To fully understand code, we cannot just apply close reading to source code, take a look at variable name and single out some functions or subroutines. To understand a program in its entirety, we need to understand the structural aspects of code as well. And that is something very few humanities researchers in the critical code studies do. The need for distant reading tools and methods arises, that mediate between our research questions and the code base, and provide us with access to structural aspects of the code for a given video game.
Since this is a cumulative dissertation, I’ll have to translate the above outlined questions into journal papers.

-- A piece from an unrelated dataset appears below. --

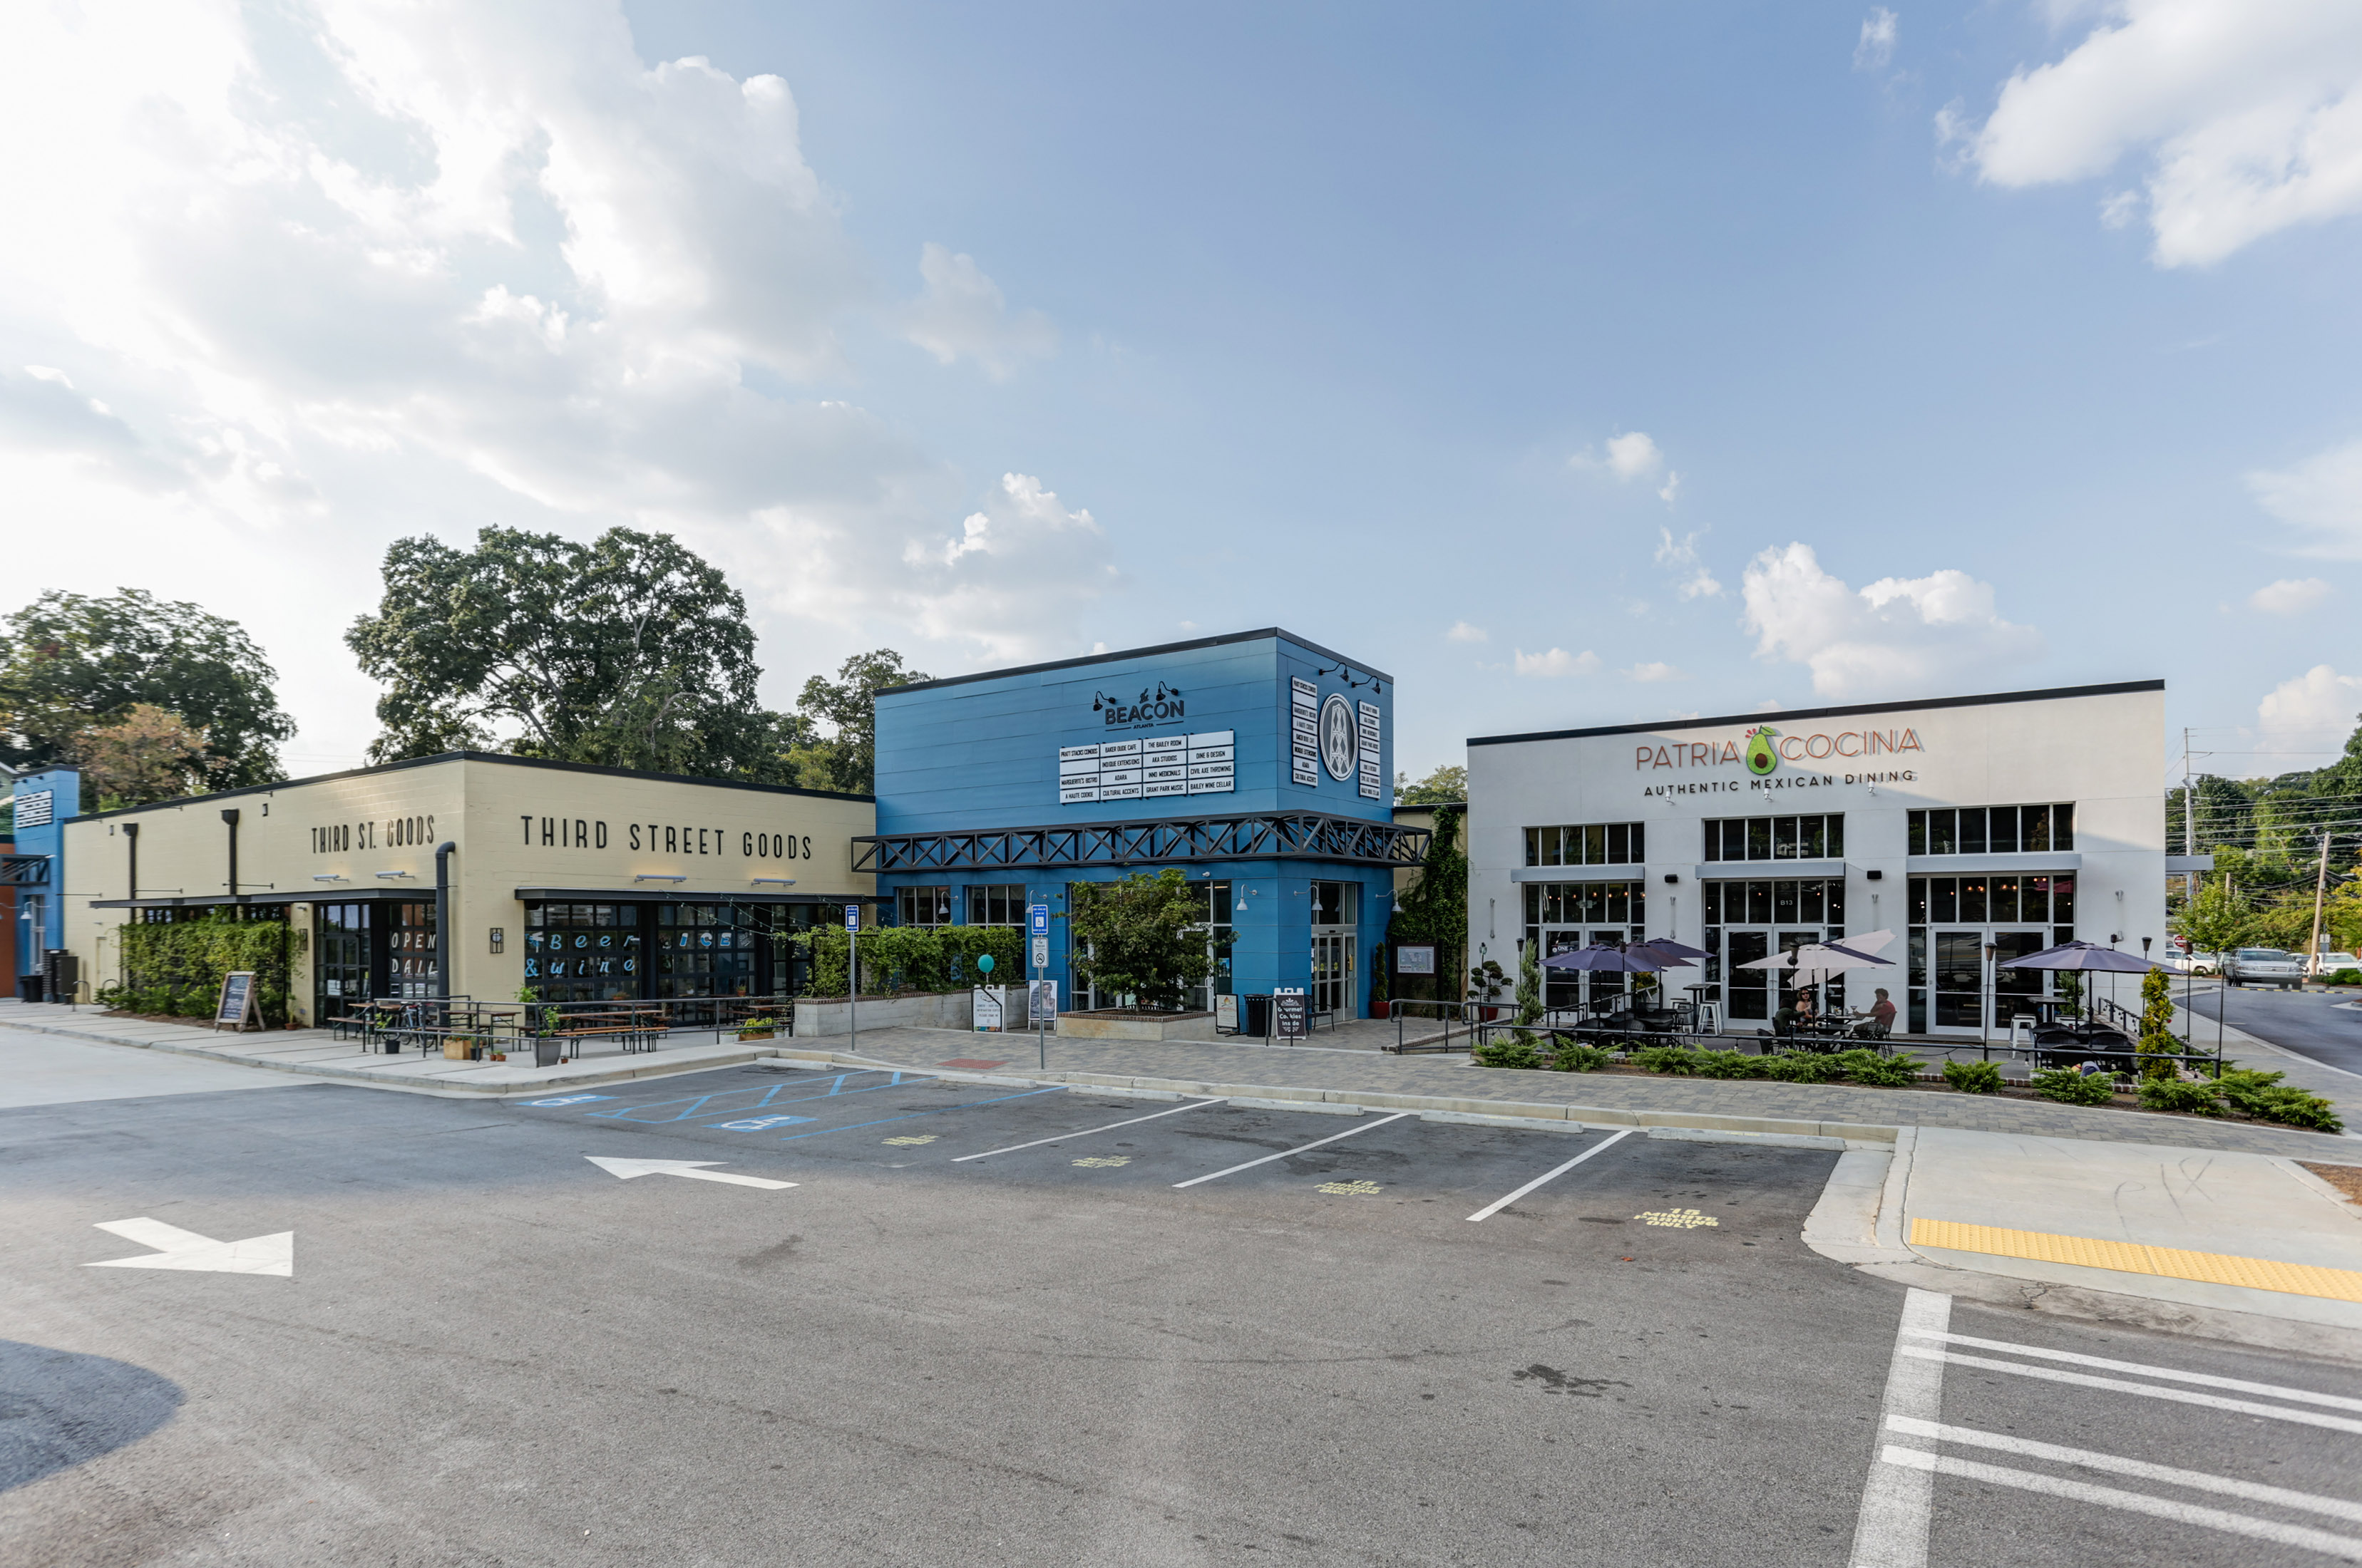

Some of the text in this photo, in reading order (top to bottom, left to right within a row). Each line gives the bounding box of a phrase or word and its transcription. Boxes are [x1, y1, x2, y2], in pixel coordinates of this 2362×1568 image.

These, again taken from the synopse, are currently planed as follows:
- Metadata, Imagedata and Videogame Graphics; The technical in the visual and vice versa, which tries to establish a distant viewing of the Assembling a Video Game Screenshots Corpus and the images relation to their means of production.
- Media theory/archaeology; Video game images in between player interfaces and telling the game, inquires how the visual image relates to Berry’s Computational Image through the application of FAVR.
- Conceptualizing graphics programming in the early 80ies; Analysing means of production (hardware and programming languages) and distant reading source code through computational methods and visualizations.
- Case Studies; Early homebrew video game development and the production of video game Visuality, where I have a close look at a handful early video games, bringing design research and critical code studies together.
- (Bonus) Working with historic source code, from Preserving Video Games as Cultural Heritage to analysis.
State of the Assembling a Video Game Screenshots Corpus
After some work on building and analyzing the Assembling a Video Game Screenshots Corpus I need to revise my approach to building and finetune the hypothesis and the question behind Observing the Coming of Age of Video Game Graphics.
I’m looking at video game images and their metadata. For some time, I didn’t have a profound hypothesis concerning where to look at exactly. But after this month where I did some first analysis, the exchanges at Leisure Electronics and some readings (What is the Video Game Image?) something is about to formulate. I’ll started to collect these thoughts under Dissertation, but here is the gist of it.
That video game graphics and their materiality, the technology they are rooted in, are intertwined is a given. So much we know (see Bogost for example). When considering the specific type the Video Game Image is, we should be able to observe a a formation of the Algorithmic Image or Ergodic Animage that is linked to time and technology. In order to get there, observeable or not, I need to adjust the corpus generation as well as what kind of metadata I collect.
- The corpus needs to concentrate on games from the 1980ies, along the lines of early homebrew culture [@swalwellHomebrewGamingBeginnings2021].
- In order to have a benchmark, I could include image material from games that inspired our games corpus, and/or are from the same period.
- The parameters of what metadata I extract from the images need to adapt as well:
- colors and resolution
- visual diversity within game (i.e. from mode to mode, level to level)
- visual complexity of an image (e.g. from order to noise, along the entropic gradient)
- FAVR, which I have no clue how to automate yet
Log 2024 Week 23
- Met with AM to talk about our upcoming Ludens fanzine.d
- Trying to summarize my research interest and reasoning. See above :)
- Adjusted how the Assembling a Video Game Screenshots Corpus is analzed and questioned in Observing the Coming of Age of Video Game Graphics.
- The Algorithmic Image and the Ergodic Animage are not exactly the same, but two different perspectives on the Video Game Image. Fizek’s vantage point is the mediality of the computer, whereas Arsenault looks at the mediated space (Nitsche).